The Christine Manufacturing, which started operations on September 1, 2008, is

owned by Sheila Ltd. Sheila Ltd’s accounts at December 31 included the following

balances:

Machinery (at cost) 91,000

Accumulated depreciation – machinery 48,200

Vehicles (at cost; purchased November 21, 2010) 46,800

Accumulated depreciation – vehicles 19,656

Land (at cost; purchased October 25, 2008) 81,000

Building (at cost; purchased October 25, 2008) 185,720

Accumulated depreciation – building 28,614

Details of machines owned at December 31, 2011 are as follows:

Machine Purchase Date Cost useful Life Residual Value

1 October 7, 2008 P 43,000 5 years P 2,500

2 February 4, 2009P 48,000 6 years P 3,000

Additional information:

Sheila Ltd calculates depreciation to the nearest month and balances the

records at month-end.
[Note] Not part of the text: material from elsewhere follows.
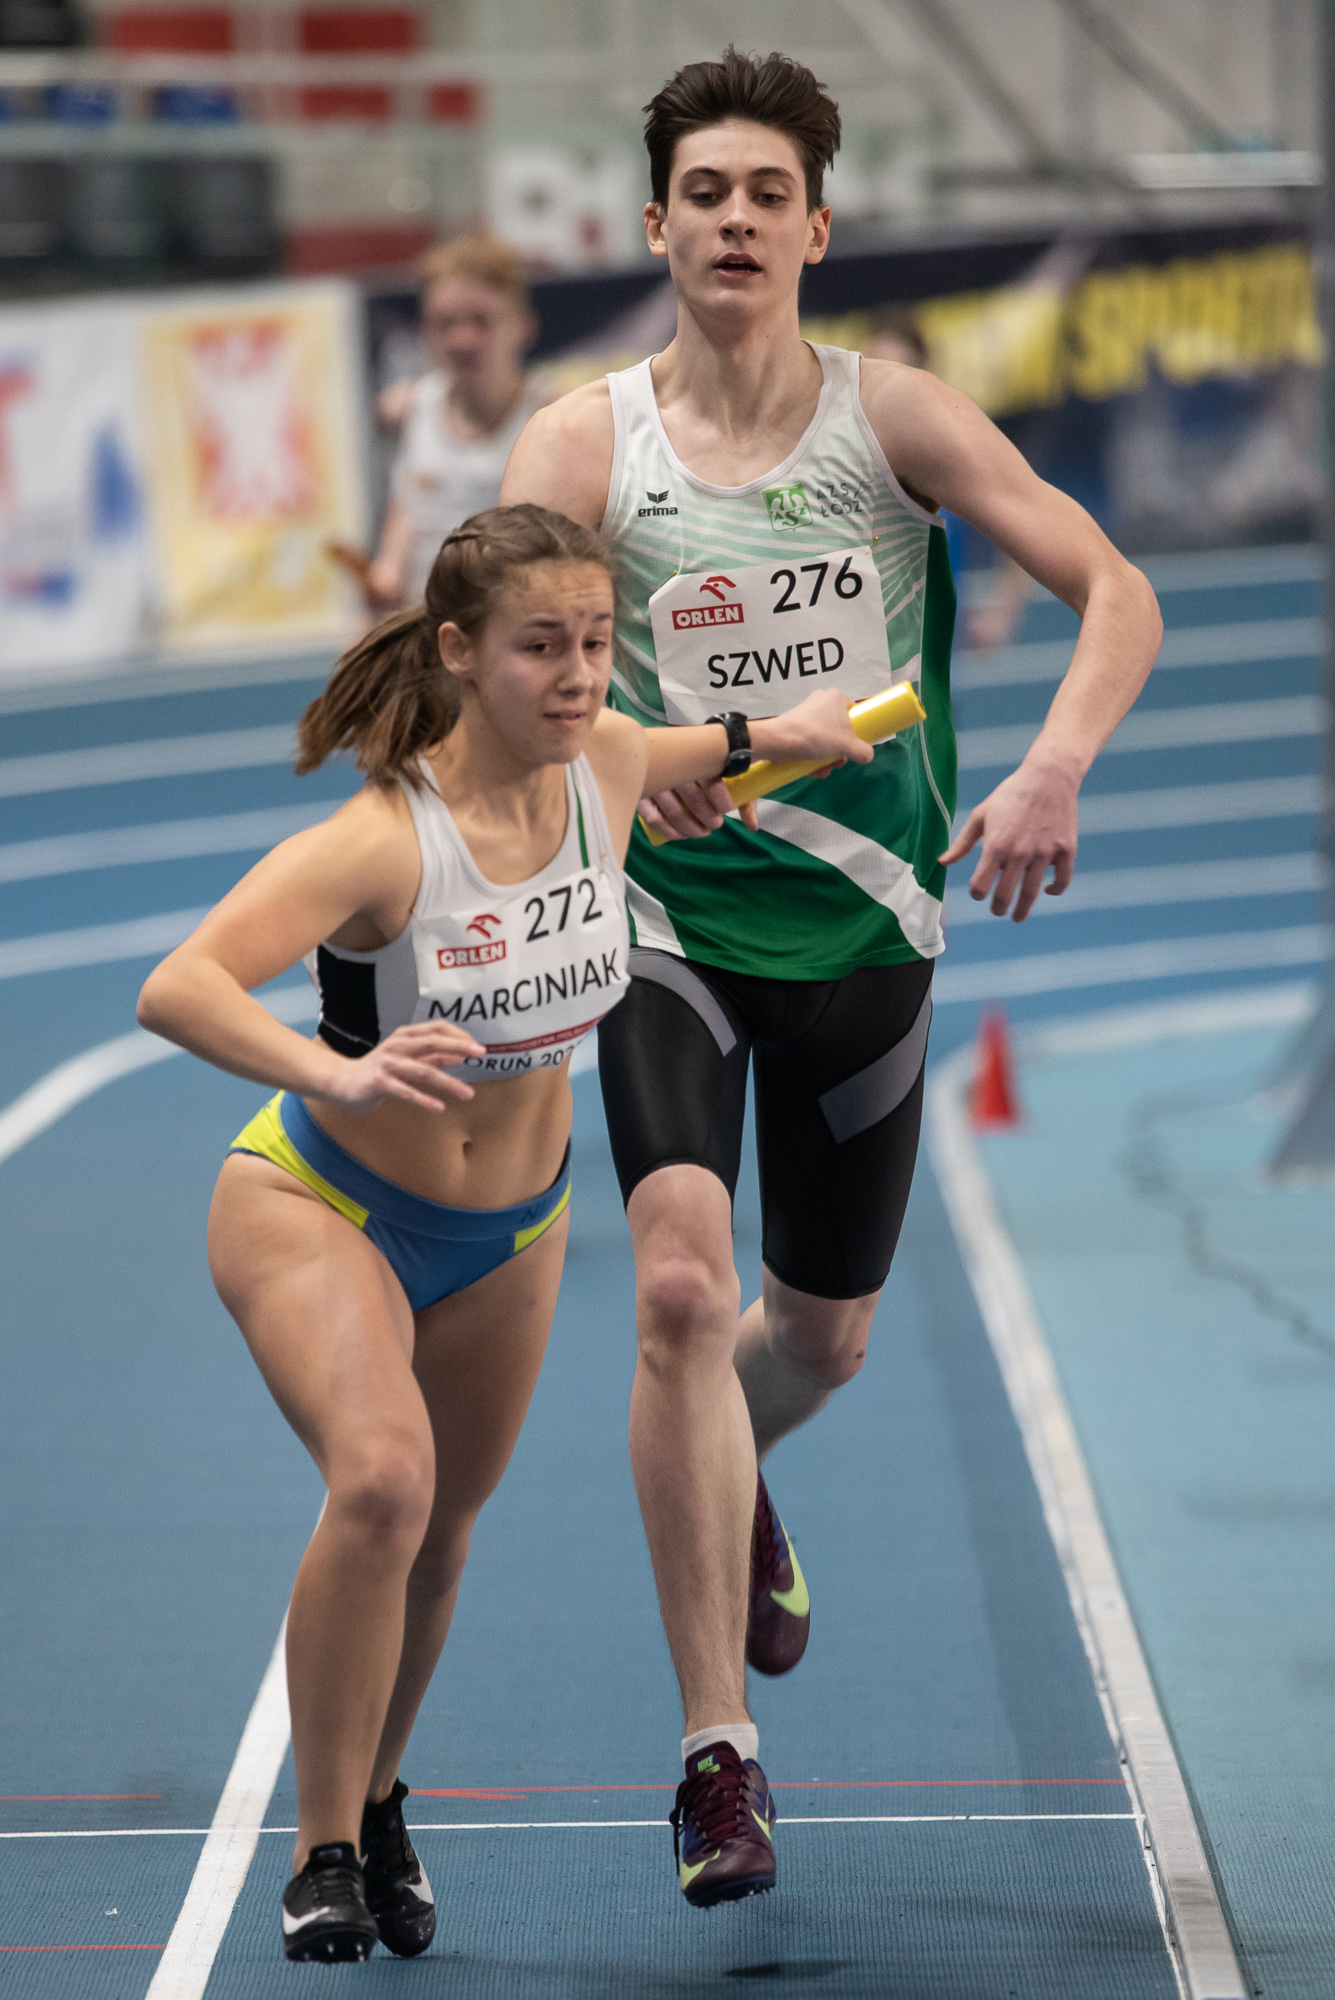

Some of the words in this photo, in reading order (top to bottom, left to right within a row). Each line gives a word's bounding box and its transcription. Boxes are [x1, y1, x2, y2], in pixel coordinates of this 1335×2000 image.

Recorded amounts are rounded to the nearest peso, and

the reporting data is December 31.

Sheila Ltd uses straight-line depreciation for all depreciable assets except

vehicles, which are depreciated on the diminishing balance at 40% p.a.

The vehicles account balance reflects the total paid for two identical delivery

vehicles, each of which cost P23,400.

On acquiring the land and building, Sheila Ltd estimated the building’s useful

life and residual value at 20 years and P5,000, respectively.